To give effect to the UK's commitment to ratify the Treaty by referendum, we introduced the European Union Bill in the last Parliament, and it was given a second reading by this House by a majority of 215 on 9 February. The Bill fell on the calling of the General Election. It was reintroduced in this new Parliament on 24 May – before either the French or Dutch referenda – and it would in normal circumstances have been scheduled for its Second Reading very shortly.
However, until the consequences of France and the Netherlands being unable to ratify the Treaty are clarified, it would not in our judgement now be sensible to set a date for Second Reading. There is also the need for further discussions with EU partners and further decisions from EU governments. The first opportunity for collective discussion within the EU will take place at the end of next week when Heads of State and Government meet in the European Council.
We shall of course keep the situation under review, and ensure that the House is kept fully informed.
I should emphasise that it is not for the UK alone to decide the future of the Treaty; and it remains our view that it represents a sensible new set of rules for the enlarged European Union. We reserve completely the right to bring back for consideration the Bill providing for a UK referendum should circumstances change. But we see no point in doing so at this moment.
As I commented during last week, these referendum results raise profound questions about the future direction of Europe. The EU has to come to terms with the forces of globalisation, in a way which maximises prosperity, employment and social welfare. There are other large questions: how we can strengthen the force for good of the EU in foreign policy, along with aid to poorer countries and trade; how do we ensure value for money for our citizens, and better regulation; and how do we make a reality of the widely-agreed concept of 'subsidiarity', so that decisions are made at the lowest level possible.

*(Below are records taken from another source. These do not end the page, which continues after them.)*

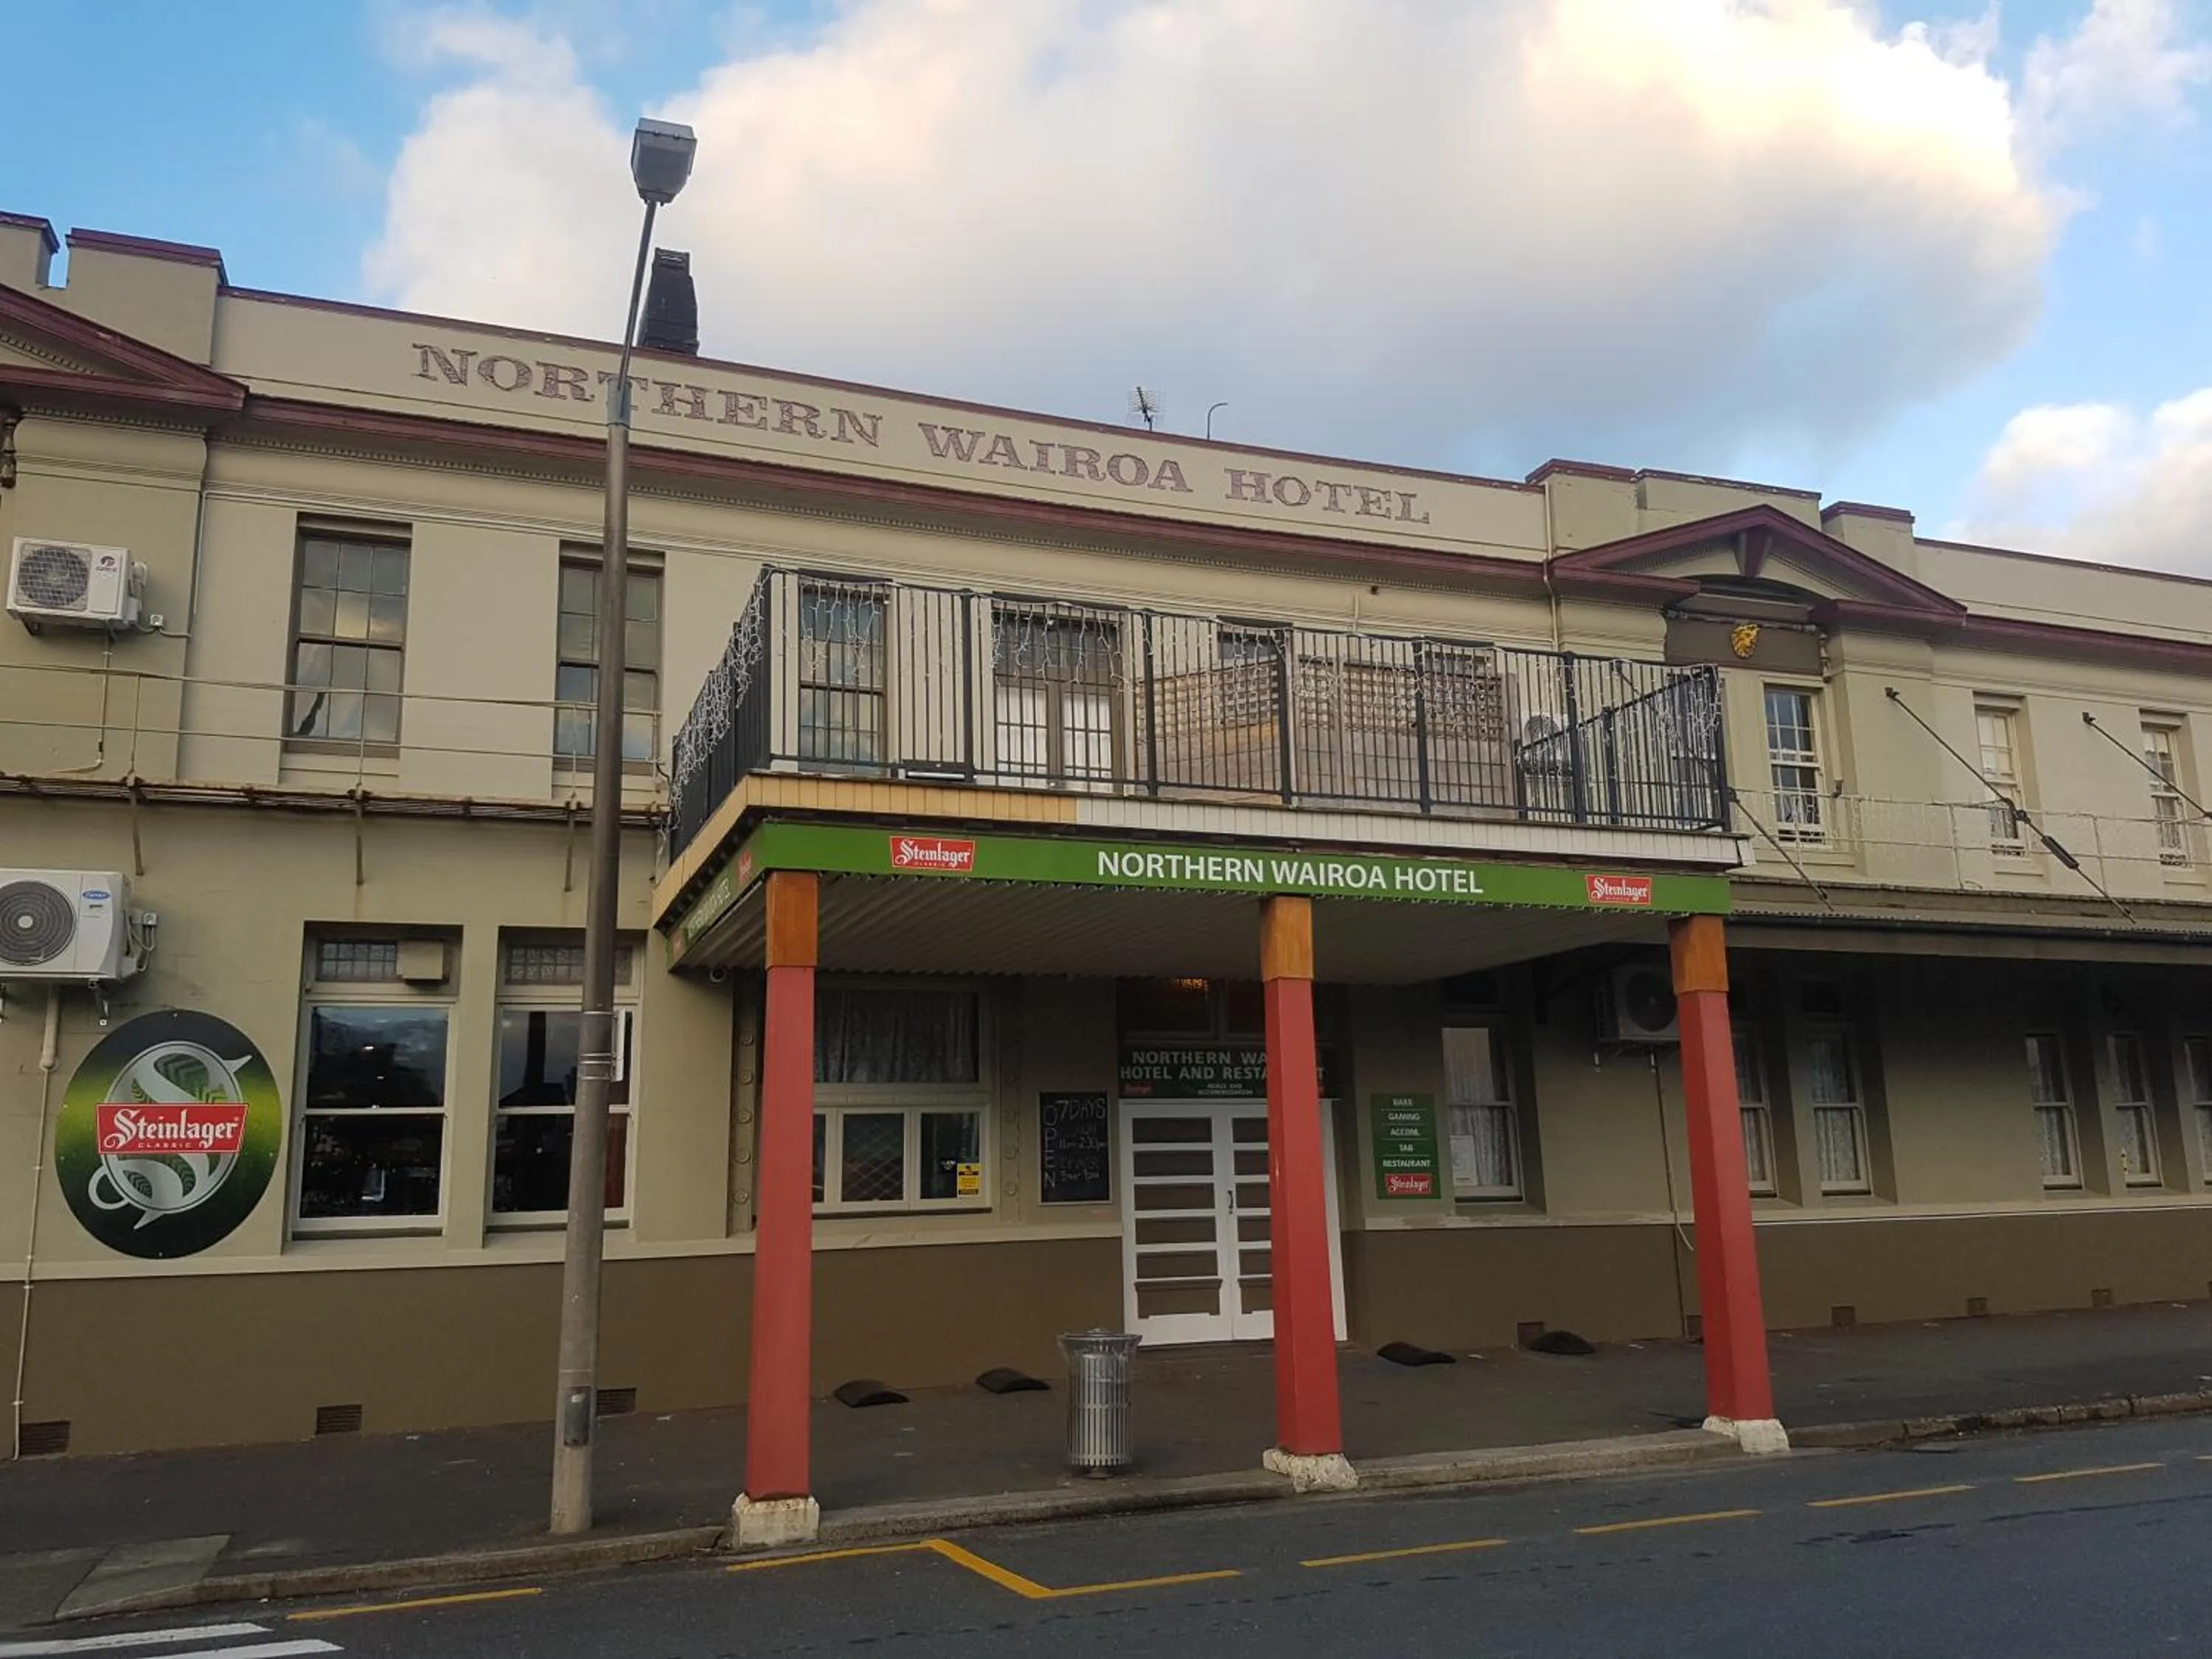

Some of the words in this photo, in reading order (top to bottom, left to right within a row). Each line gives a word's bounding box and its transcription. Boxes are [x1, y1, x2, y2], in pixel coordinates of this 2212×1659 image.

[919, 422, 1192, 492] WAIROA
[1225, 468, 1429, 524] HOTEL
[894, 839, 971, 868] Steinlager
[1098, 851, 1264, 883] NORTHERN
[1271, 860, 1386, 889] WAIROA
[1395, 866, 1484, 894] HOTEL
[1590, 877, 1647, 902] Steinlager
[1133, 1051, 1231, 1064] NORTHERN
[1121, 1066, 1172, 1080] HOTEL
[1180, 1066, 1214, 1080] AND
[104, 1108, 240, 1149] Steinlager
[1388, 1113, 1421, 1121] GAMING
[1383, 1160, 1430, 1168] RESTAURANT

All these issues have long been central to the United Kingdom's priorities for the European Union, and will be so for our EU Presidency which begins on 1 July. The continuing objective of enlargement and the issue of future financing will also be on our agenda. At the start of the Presidency I will publish the latest in our series of White Papers on the EU, and make an accompanying statement, to set out our priorities in more detail.
Let me conclude by saying this: the European Union remains a unique and valuable achievement, central to the UK's prosperity and well-being. The world's largest single market has enabled the businesses and people of this country to earn new prosperity by trading freely across borders. European co-operation has broken down barriers to travel, work and leisure. And the EU remains a vital engine of peace, democracy and reform.
The EU does now face a period of difficulty. In working in our interests, and the Union's interests, we must not act in a way which undermines the EU's strengths and the achievements of the last five decades, and we shall not do so.